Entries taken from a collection
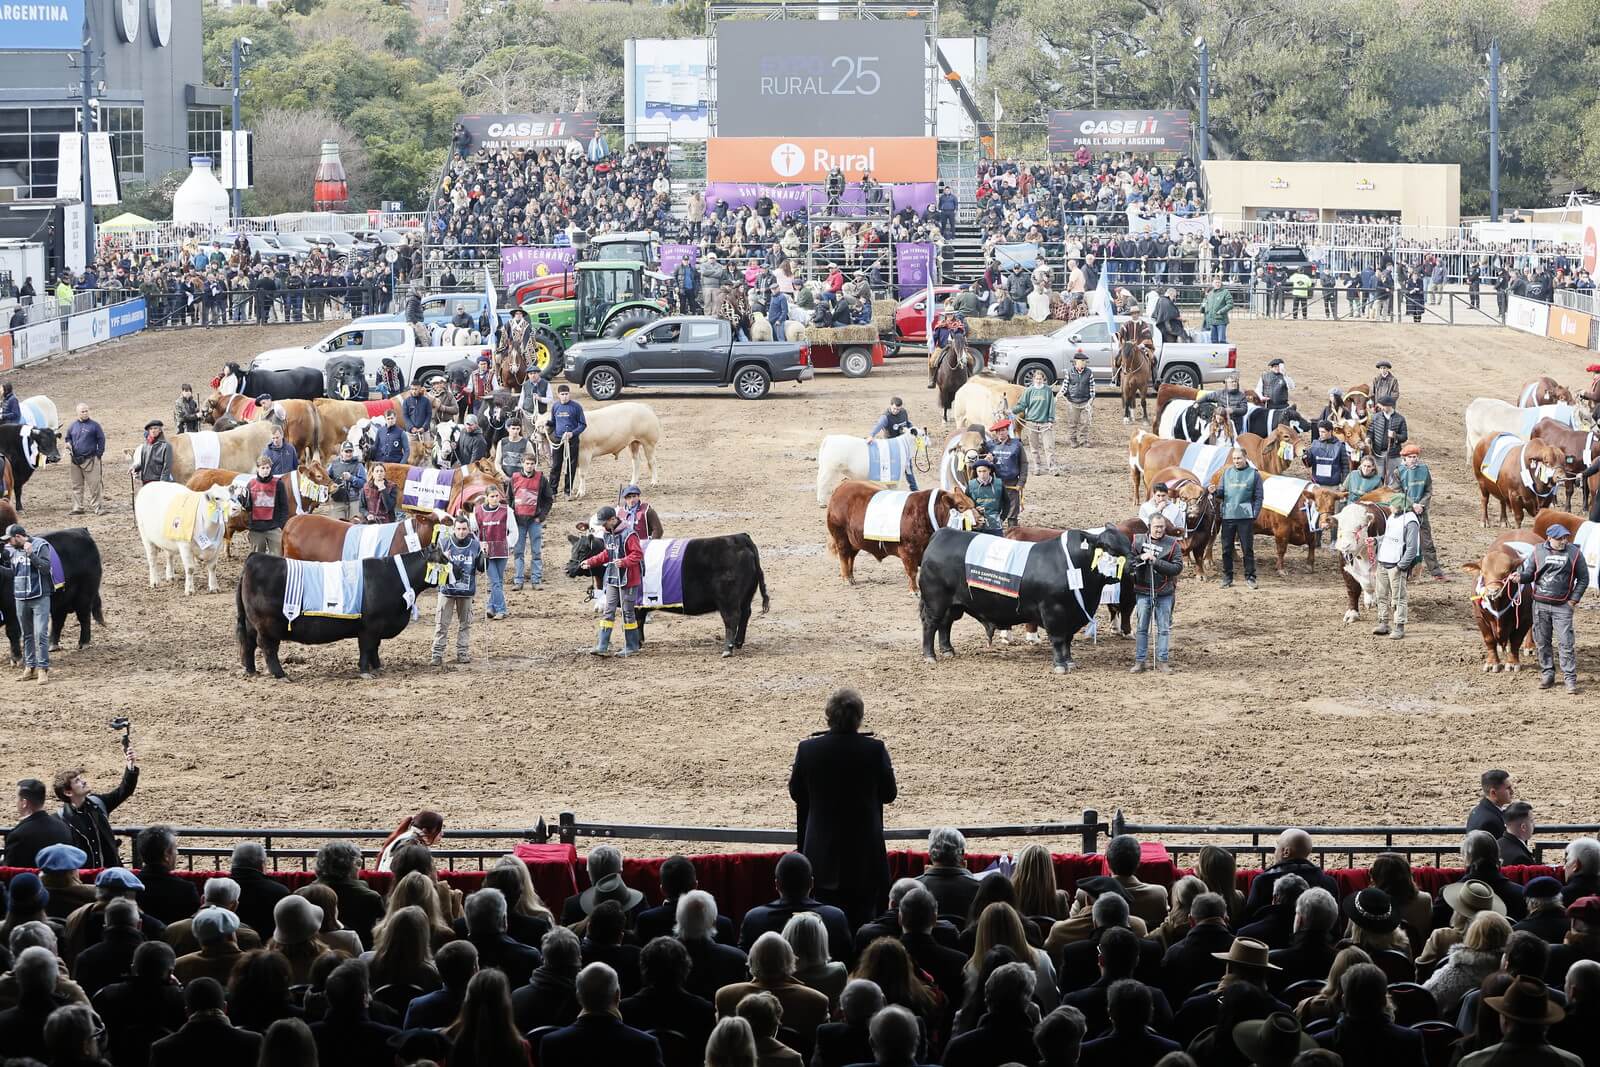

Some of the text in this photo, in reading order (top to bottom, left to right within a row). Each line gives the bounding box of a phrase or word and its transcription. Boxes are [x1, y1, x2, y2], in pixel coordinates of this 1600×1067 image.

[761, 56, 881, 95] RURAL 25
[488, 122, 545, 137] CASE
[1080, 120, 1138, 135] CASE
[1073, 136, 1166, 146] PARA EL CAMPO ARGENTINO
[813, 147, 875, 171] Rural
[505, 250, 523, 265] SAN

■ **Your instructions**
Set the records down again exactly, with no pictures.

■ **Answer to this task**
Some of the text in this photo, in reading order (top to bottom, left to right within a row). Each line gives the bounding box of a phrase or word and its transcription. Boxes are [x1, y1, x2, y2], in pixel coordinates of this 1600×1067 image.

[761, 56, 881, 95] RURAL 25
[488, 122, 545, 137] CASE
[1080, 120, 1138, 135] CASE
[1073, 136, 1166, 146] PARA EL CAMPO ARGENTINO
[813, 147, 875, 171] Rural
[505, 250, 523, 265] SAN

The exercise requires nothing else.